Now, if you want to know how many people these percentages relate to (quite an obvious extrapolation you would think but the Home Office report doesn't manage it), firstly, we know that the total number of young people in the UK is 11,730,050 (taken from Eurostat - the statistics agency - which gives a 2005 breakdown of the UK population by the age groups referred to. That means that the total number of young boys and men carrying knives (5 per cent of half the total population - 5,865,025) is 293,251; the total number of "Frequent Offenders" (7 per cent of 11.73 million) is 821,103, and even worse, the total number of what the Home Office categorises as “Frequent Serious Offenders” – 1 per cent of 11.73 million - is equal to 117,300.

 

This is utterly damning. A quarter of a million kids carrying knives regularly in public. More than three quarters of a million frequently committing crime - at least once every 8 weeks. And most disturbing - the truth about how many serious criminals are out menacing our streets everyday: almost 120,000 young criminals guilty of several or all of the following "serious offences" on a regular basis: car crime, burglary, robbery, theft, assault resulting in injury and selling Class A drugs.

 

When you see figures like these, it is more proof of what is becoming increasingly clear to a majority of people: law and order is on the verge of completely breaking down in Britain.
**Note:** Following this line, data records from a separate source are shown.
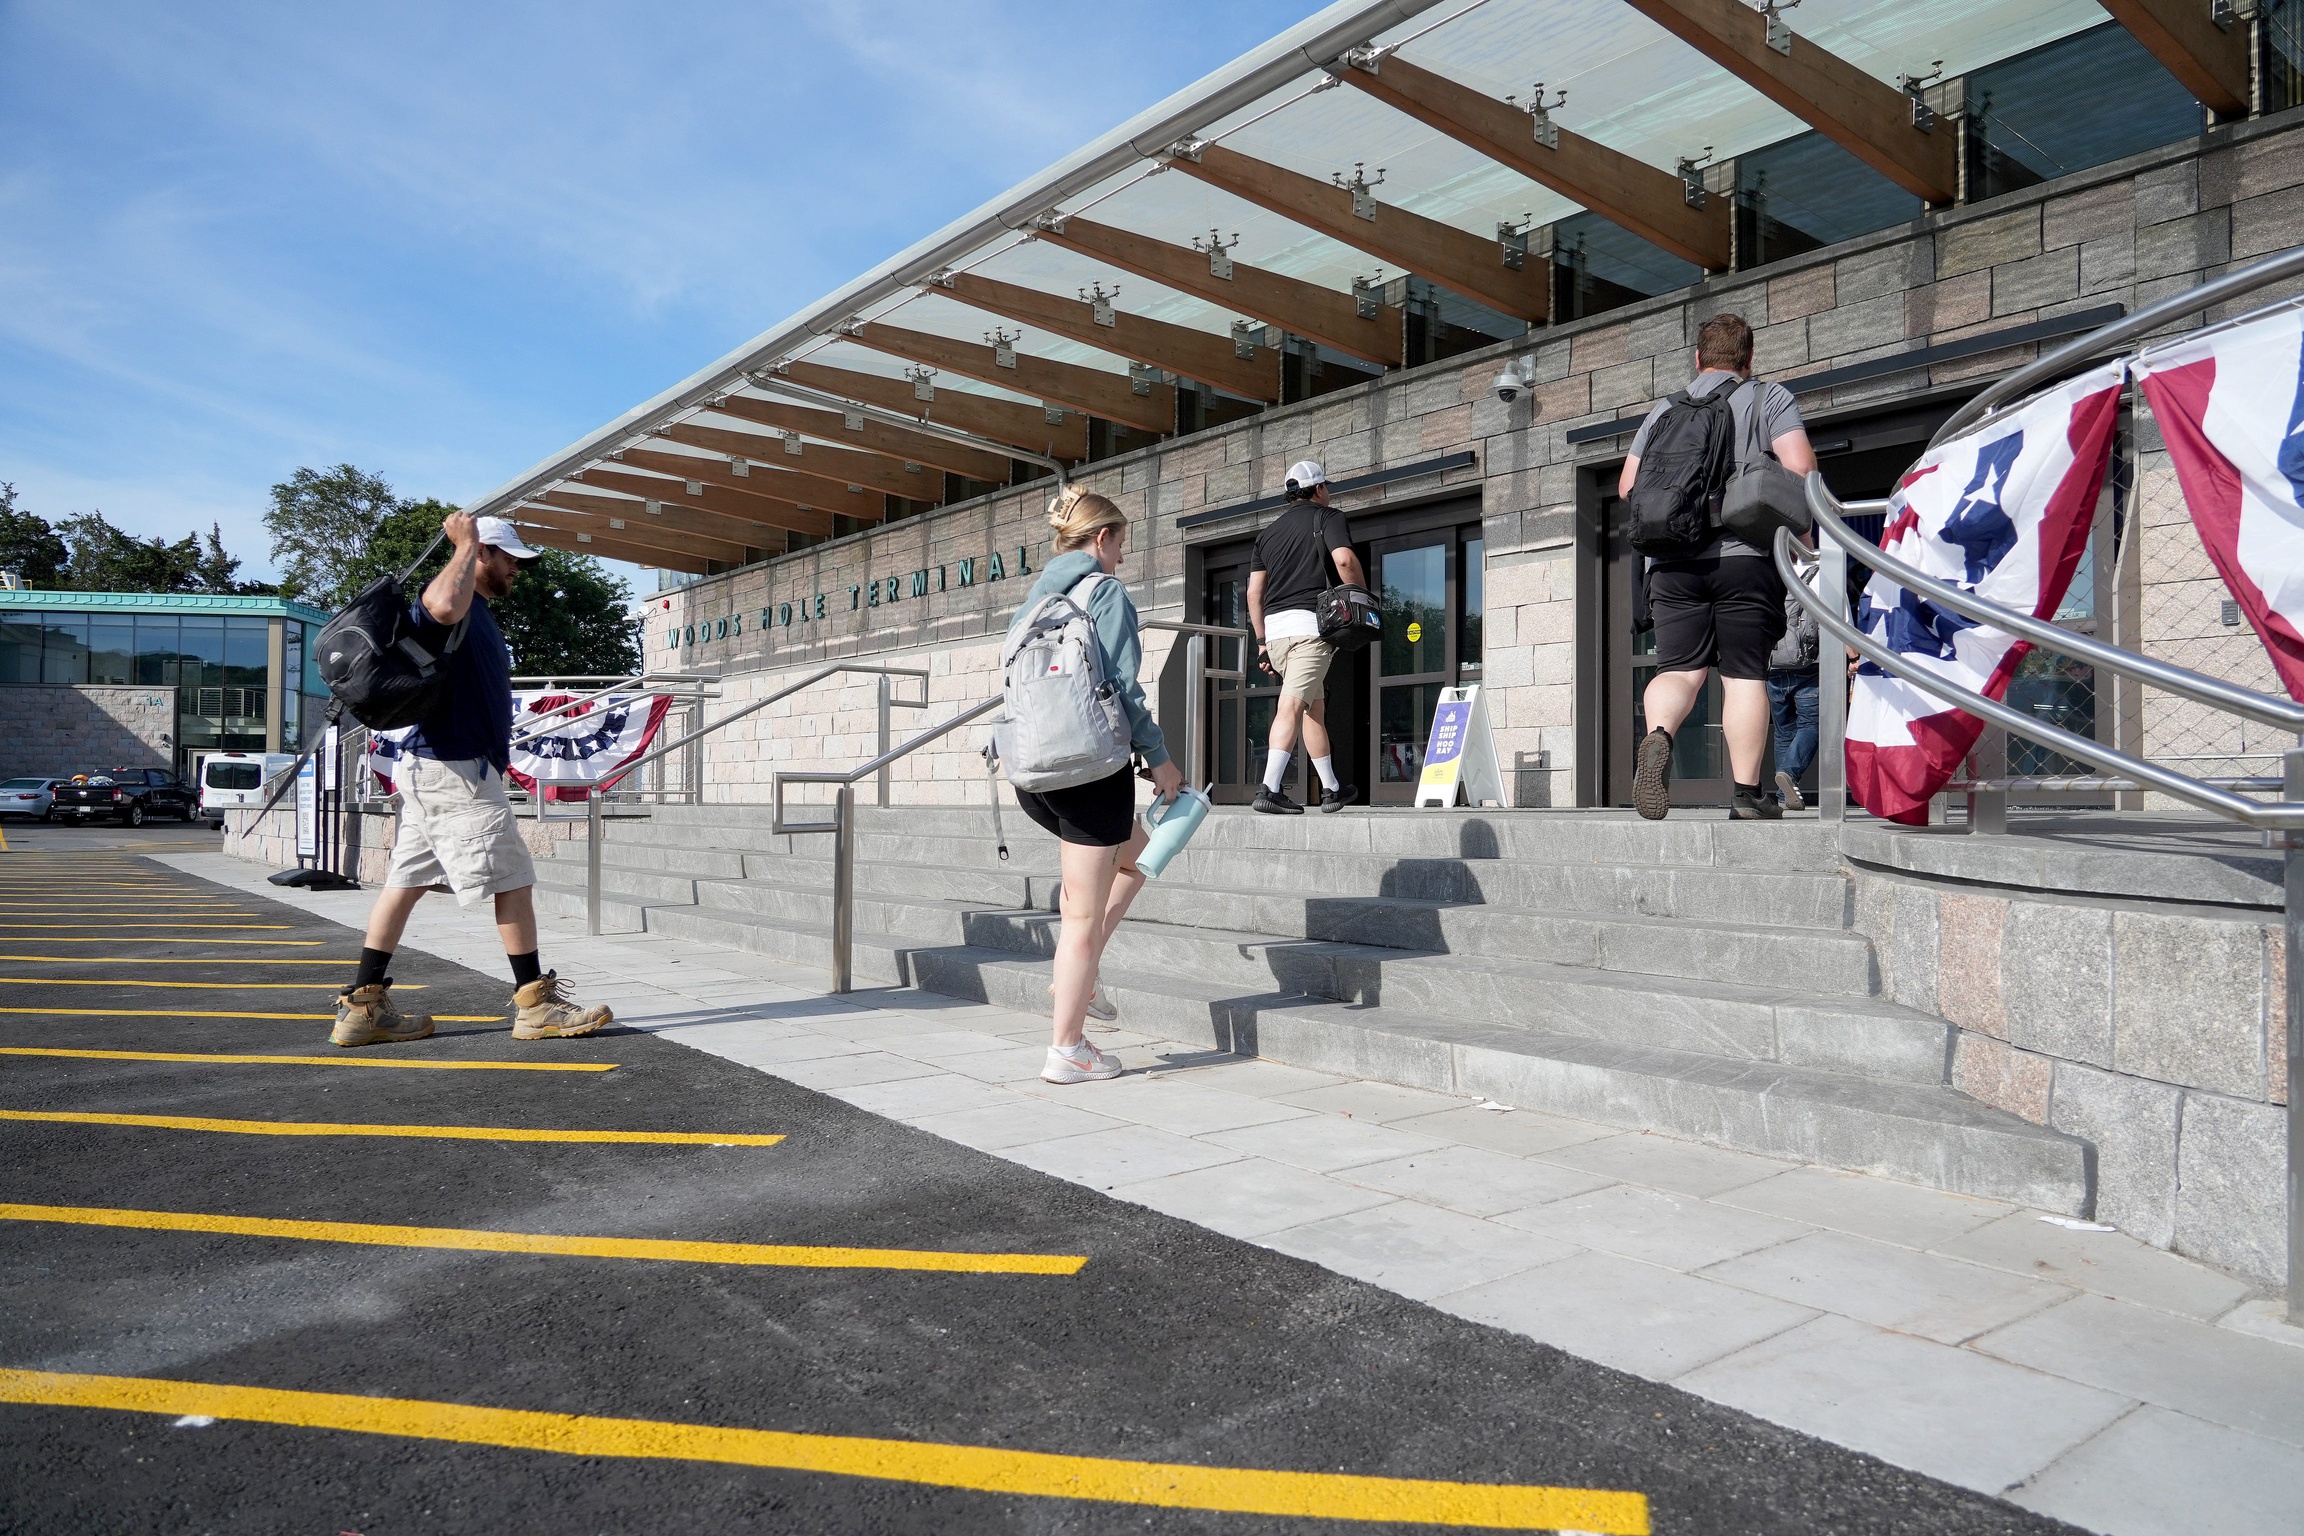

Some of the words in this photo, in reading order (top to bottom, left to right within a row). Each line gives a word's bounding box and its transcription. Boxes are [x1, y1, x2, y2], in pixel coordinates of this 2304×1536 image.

[668, 613, 742, 650] WOODS
[761, 594, 826, 630] HOLE
[848, 545, 1032, 612] TERMINAL
[1440, 725, 1458, 733] SHIP
[1436, 740, 1455, 748] HOO
In some of the poorest inner-city areas of London, Nottingham, Glasgow, Liverpool and Manchester it has already happened.

 

Violent crime is out of control because young criminals know the law can't or won’t touch them, and despite the enormous amount we spend on it each year, we taxpayers have long suspected that the criminal justice system is broken and can't keep us safe. A system overwhelmed by the volume of crime and handicapped almost to the point of uselessness by ineffective policing, weak sentencing laws, liberal magistrates, corrupt probation practices, an aggressive penal reform lobby and above all, zero accountability to the millions of crime victims each year who deserve so much better. And to think our criminal justice system - courts, prisons, police and probation - cost each household in the UK more than £1,000 per year. Not so much wasteful spending, as downright ineffective.

 

We have to get real about the problem of crime in Britain and start punishing minor offences seriously, applying sanctions to young criminals instead of excusing their actions, and recognising the vital importance of deterrence in any system of justice (especially when it comes to diverting young people from crime). And we have to do this before huge numbers of young people grow up to become the violent, lawless thugs who destroy so many of our communities.